What you are asked to do —
What is needed is an exact copy of every line in the listing.
------------------------------------------------------------
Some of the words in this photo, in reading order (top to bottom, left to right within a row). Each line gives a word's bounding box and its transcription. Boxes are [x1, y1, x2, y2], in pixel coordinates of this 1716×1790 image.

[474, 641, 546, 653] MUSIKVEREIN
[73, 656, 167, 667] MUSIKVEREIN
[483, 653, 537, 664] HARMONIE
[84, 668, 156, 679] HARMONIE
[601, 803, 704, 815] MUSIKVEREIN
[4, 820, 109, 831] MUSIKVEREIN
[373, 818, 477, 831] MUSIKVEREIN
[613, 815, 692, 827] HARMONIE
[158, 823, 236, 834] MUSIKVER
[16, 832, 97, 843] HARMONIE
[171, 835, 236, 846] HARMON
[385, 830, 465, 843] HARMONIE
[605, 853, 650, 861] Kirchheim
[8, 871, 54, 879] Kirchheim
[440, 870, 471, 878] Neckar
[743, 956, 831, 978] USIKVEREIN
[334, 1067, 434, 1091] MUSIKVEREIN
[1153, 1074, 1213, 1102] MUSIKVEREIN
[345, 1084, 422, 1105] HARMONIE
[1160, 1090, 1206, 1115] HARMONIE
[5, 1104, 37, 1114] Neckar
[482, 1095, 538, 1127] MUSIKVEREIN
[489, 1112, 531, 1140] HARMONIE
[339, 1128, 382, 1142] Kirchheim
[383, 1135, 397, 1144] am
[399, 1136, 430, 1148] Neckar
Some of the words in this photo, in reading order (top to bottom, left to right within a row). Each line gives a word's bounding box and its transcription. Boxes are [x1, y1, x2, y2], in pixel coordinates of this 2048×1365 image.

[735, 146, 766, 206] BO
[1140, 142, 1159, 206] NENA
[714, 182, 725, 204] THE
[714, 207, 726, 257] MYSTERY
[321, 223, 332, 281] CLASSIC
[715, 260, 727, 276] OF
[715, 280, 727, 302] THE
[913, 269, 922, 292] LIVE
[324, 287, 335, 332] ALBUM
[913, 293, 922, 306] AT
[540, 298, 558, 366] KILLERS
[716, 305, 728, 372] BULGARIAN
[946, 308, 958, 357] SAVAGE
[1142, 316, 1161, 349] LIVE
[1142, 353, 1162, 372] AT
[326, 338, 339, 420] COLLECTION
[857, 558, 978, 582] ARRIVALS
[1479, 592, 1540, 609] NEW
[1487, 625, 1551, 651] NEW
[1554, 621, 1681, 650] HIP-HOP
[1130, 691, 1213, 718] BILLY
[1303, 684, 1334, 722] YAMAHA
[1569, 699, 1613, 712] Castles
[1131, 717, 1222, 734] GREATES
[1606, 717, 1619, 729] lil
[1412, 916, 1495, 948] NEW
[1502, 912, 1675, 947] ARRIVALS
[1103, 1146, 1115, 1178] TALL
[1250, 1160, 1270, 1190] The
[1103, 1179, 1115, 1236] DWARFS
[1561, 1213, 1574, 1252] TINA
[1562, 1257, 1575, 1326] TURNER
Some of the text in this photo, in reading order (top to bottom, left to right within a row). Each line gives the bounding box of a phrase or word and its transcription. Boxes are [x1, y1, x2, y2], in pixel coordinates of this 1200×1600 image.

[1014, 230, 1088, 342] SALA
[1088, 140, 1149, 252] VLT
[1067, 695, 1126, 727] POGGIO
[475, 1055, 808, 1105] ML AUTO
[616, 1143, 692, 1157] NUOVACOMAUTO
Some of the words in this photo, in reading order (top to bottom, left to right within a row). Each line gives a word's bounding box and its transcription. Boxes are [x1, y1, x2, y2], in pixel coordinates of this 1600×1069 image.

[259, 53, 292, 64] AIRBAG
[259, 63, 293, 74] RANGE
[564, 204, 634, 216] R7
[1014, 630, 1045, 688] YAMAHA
------------------------------------------------------------
Solution to this task —
Some of the words in this photo, in reading order (top to bottom, left to right within a row). Each line gives a word's bounding box and its transcription. Boxes are [x1, y1, x2, y2], in pixel coordinates of this 1716×1790 image.

[474, 641, 546, 653] MUSIKVEREIN
[73, 656, 167, 667] MUSIKVEREIN
[483, 653, 537, 664] HARMONIE
[84, 668, 156, 679] HARMONIE
[601, 803, 704, 815] MUSIKVEREIN
[4, 820, 109, 831] MUSIKVEREIN
[373, 818, 477, 831] MUSIKVEREIN
[613, 815, 692, 827] HARMONIE
[158, 823, 236, 834] MUSIKVER
[16, 832, 97, 843] HARMONIE
[171, 835, 236, 846] HARMON
[385, 830, 465, 843] HARMONIE
[605, 853, 650, 861] Kirchheim
[8, 871, 54, 879] Kirchheim
[440, 870, 471, 878] Neckar
[743, 956, 831, 978] USIKVEREIN
[334, 1067, 434, 1091] MUSIKVEREIN
[1153, 1074, 1213, 1102] MUSIKVEREIN
[345, 1084, 422, 1105] HARMONIE
[1160, 1090, 1206, 1115] HARMONIE
[5, 1104, 37, 1114] Neckar
[482, 1095, 538, 1127] MUSIKVEREIN
[489, 1112, 531, 1140] HARMONIE
[339, 1128, 382, 1142] Kirchheim
[383, 1135, 397, 1144] am
[399, 1136, 430, 1148] Neckar
Some of the words in this photo, in reading order (top to bottom, left to right within a row). Each line gives a word's bounding box and its transcription. Boxes are [x1, y1, x2, y2], in pixel coordinates of this 2048×1365 image.

[735, 146, 766, 206] BO
[1140, 142, 1159, 206] NENA
[714, 182, 725, 204] THE
[714, 207, 726, 257] MYSTERY
[321, 223, 332, 281] CLASSIC
[715, 260, 727, 276] OF
[715, 280, 727, 302] THE
[913, 269, 922, 292] LIVE
[324, 287, 335, 332] ALBUM
[913, 293, 922, 306] AT
[540, 298, 558, 366] KILLERS
[716, 305, 728, 372] BULGARIAN
[946, 308, 958, 357] SAVAGE
[1142, 316, 1161, 349] LIVE
[1142, 353, 1162, 372] AT
[326, 338, 339, 420] COLLECTION
[857, 558, 978, 582] ARRIVALS
[1479, 592, 1540, 609] NEW
[1487, 625, 1551, 651] NEW
[1554, 621, 1681, 650] HIP-HOP
[1130, 691, 1213, 718] BILLY
[1303, 684, 1334, 722] YAMAHA
[1569, 699, 1613, 712] Castles
[1131, 717, 1222, 734] GREATES
[1606, 717, 1619, 729] lil
[1412, 916, 1495, 948] NEW
[1502, 912, 1675, 947] ARRIVALS
[1103, 1146, 1115, 1178] TALL
[1250, 1160, 1270, 1190] The
[1103, 1179, 1115, 1236] DWARFS
[1561, 1213, 1574, 1252] TINA
[1562, 1257, 1575, 1326] TURNER
Some of the text in this photo, in reading order (top to bottom, left to right within a row). Each line gives the bounding box of a phrase or word and its transcription. Boxes are [x1, y1, x2, y2], in pixel coordinates of this 1200×1600 image.

[1014, 230, 1088, 342] SALA
[1088, 140, 1149, 252] VLT
[1067, 695, 1126, 727] POGGIO
[475, 1055, 808, 1105] ML AUTO
[616, 1143, 692, 1157] NUOVACOMAUTO
Some of the words in this photo, in reading order (top to bottom, left to right within a row). Each line gives a word's bounding box and its transcription. Boxes are [x1, y1, x2, y2], in pixel coordinates of this 1600×1069 image.

[259, 53, 292, 64] AIRBAG
[259, 63, 293, 74] RANGE
[564, 204, 634, 216] R7
[1014, 630, 1045, 688] YAMAHA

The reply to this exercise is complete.